[Saved data entries]
= Beginning of Section =
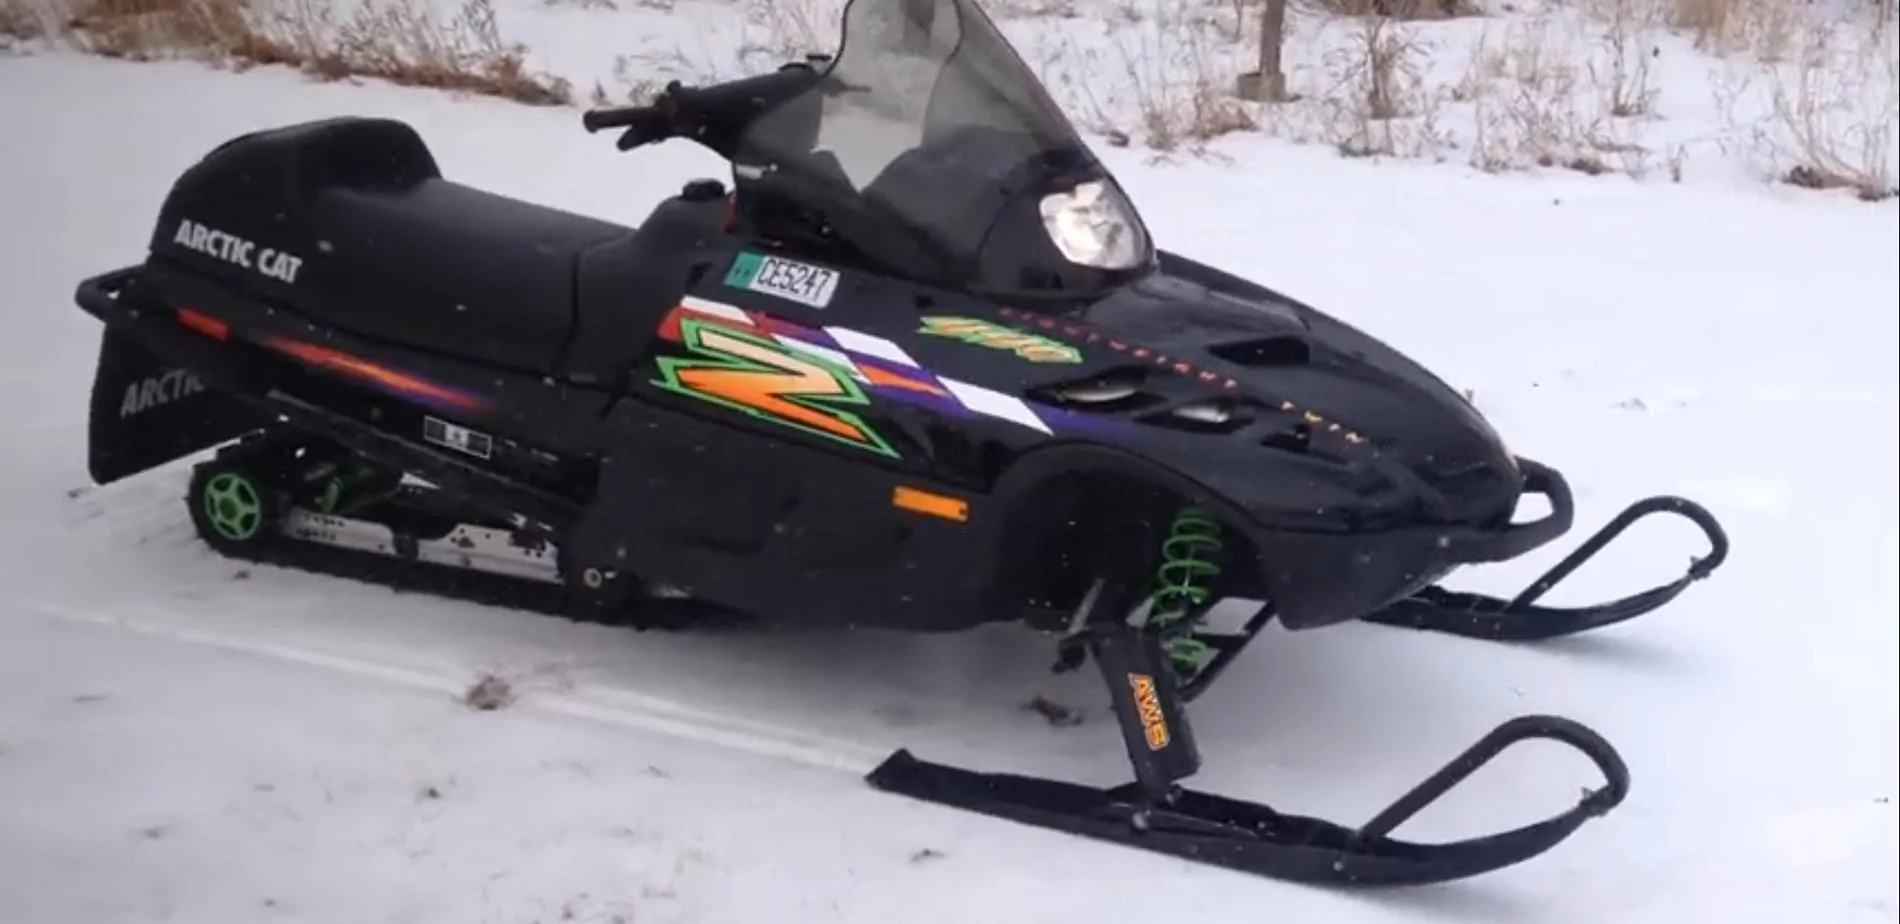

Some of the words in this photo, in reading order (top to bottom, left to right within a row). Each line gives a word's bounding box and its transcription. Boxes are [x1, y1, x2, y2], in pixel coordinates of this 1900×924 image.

[174, 218, 255, 268] ARCTIC
[257, 247, 303, 284] CAT
[757, 257, 832, 300] CE5247
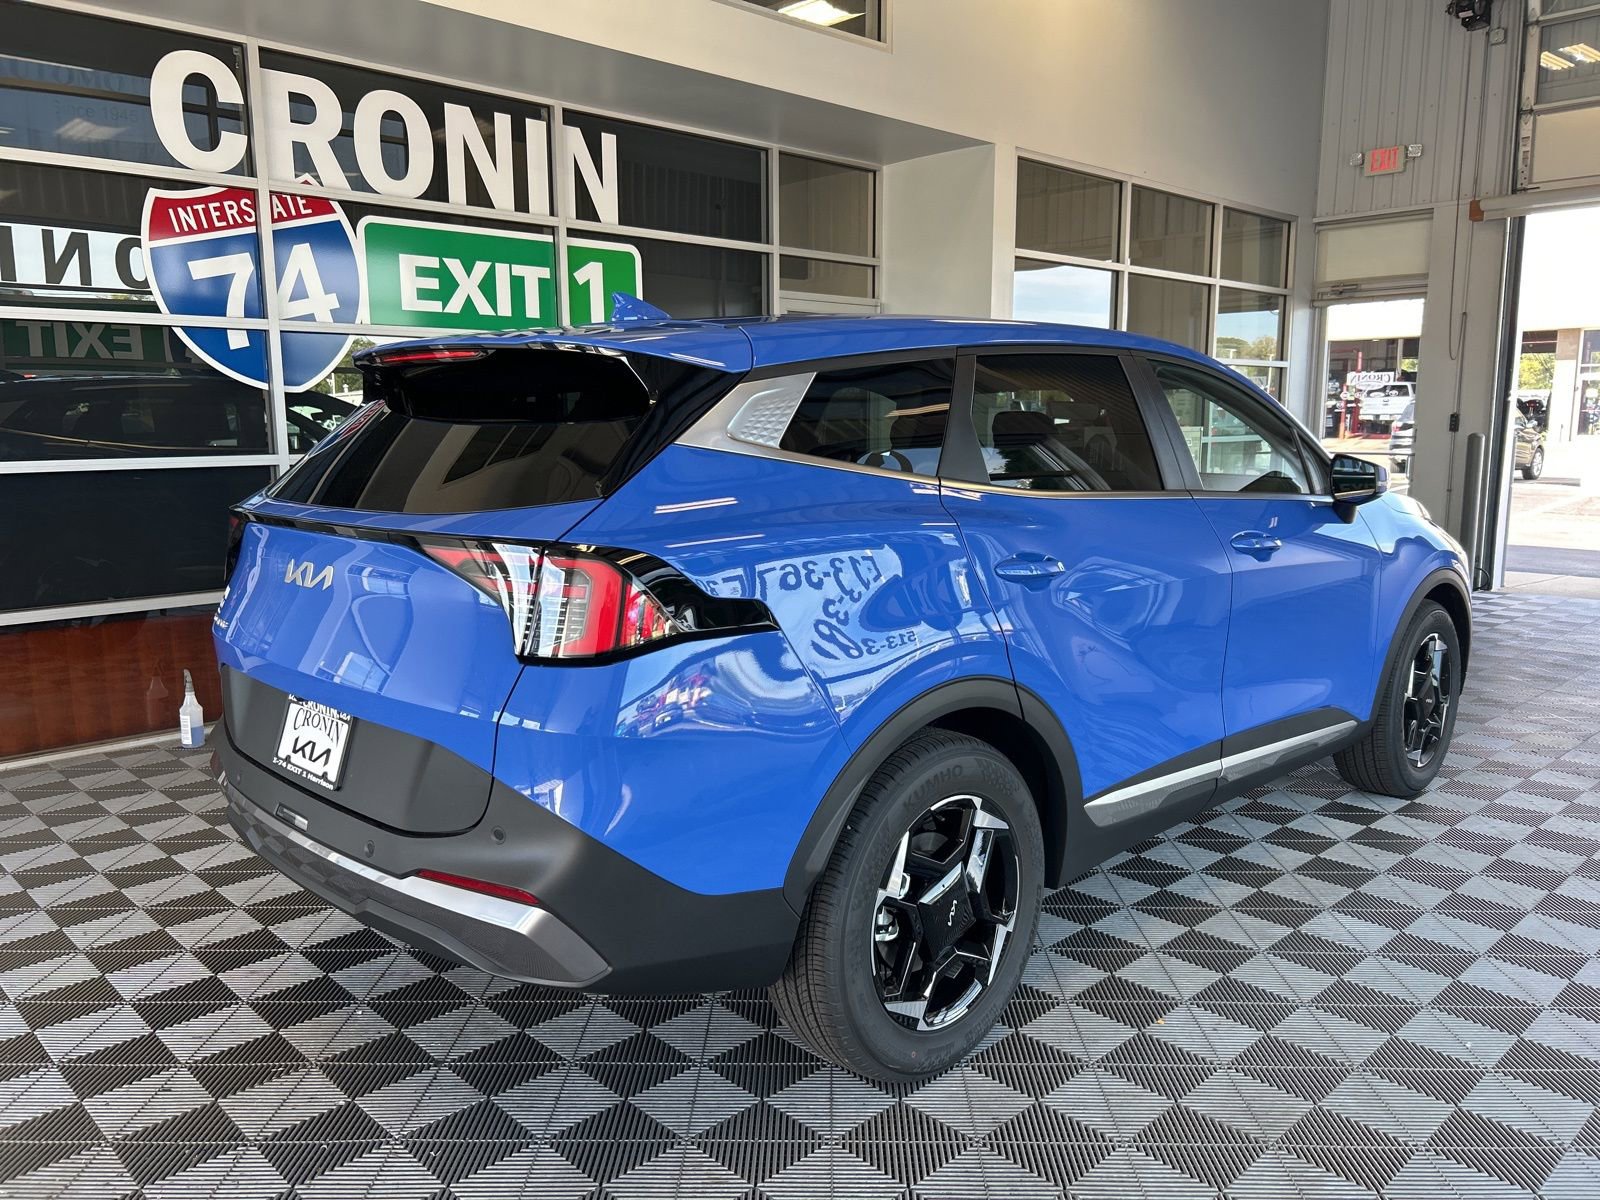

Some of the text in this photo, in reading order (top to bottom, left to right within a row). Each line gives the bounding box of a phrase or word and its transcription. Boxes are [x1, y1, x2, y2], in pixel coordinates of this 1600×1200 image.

[150, 49, 619, 226] CRONIN
[1370, 145, 1400, 173] EXIT
[167, 191, 314, 234] INTERSATE
[187, 243, 341, 351] 74
[398, 253, 604, 323] EXIT 1
[285, 558, 335, 591] KIA
[293, 707, 344, 748] CRONIN
[292, 735, 332, 768] KIA
[286, 763, 302, 775] EXIT
[307, 772, 334, 790] Harrison
= End of Section =
Your task is to retype all the entries exactly and leave out any pictures.

▶ _Task output_
Some of the words in this photo, in reading order (top to bottom, left to right within a row). Each line gives a word's bounding box and its transcription. Boxes are [x1, y1, x2, y2], in pixel coordinates of this 1900×924 image.

[174, 218, 255, 268] ARCTIC
[257, 247, 303, 284] CAT
[757, 257, 832, 300] CE5247

Some of the text in this photo, in reading order (top to bottom, left to right within a row). Each line gives the bounding box of a phrase or word and its transcription. Boxes are [x1, y1, x2, y2], in pixel coordinates of this 1600×1200 image.

[150, 49, 619, 226] CRONIN
[1370, 145, 1400, 173] EXIT
[167, 191, 314, 234] INTERSATE
[187, 243, 341, 351] 74
[398, 253, 604, 323] EXIT 1
[285, 558, 335, 591] KIA
[293, 707, 344, 748] CRONIN
[292, 735, 332, 768] KIA
[286, 763, 302, 775] EXIT
[307, 772, 334, 790] Harrison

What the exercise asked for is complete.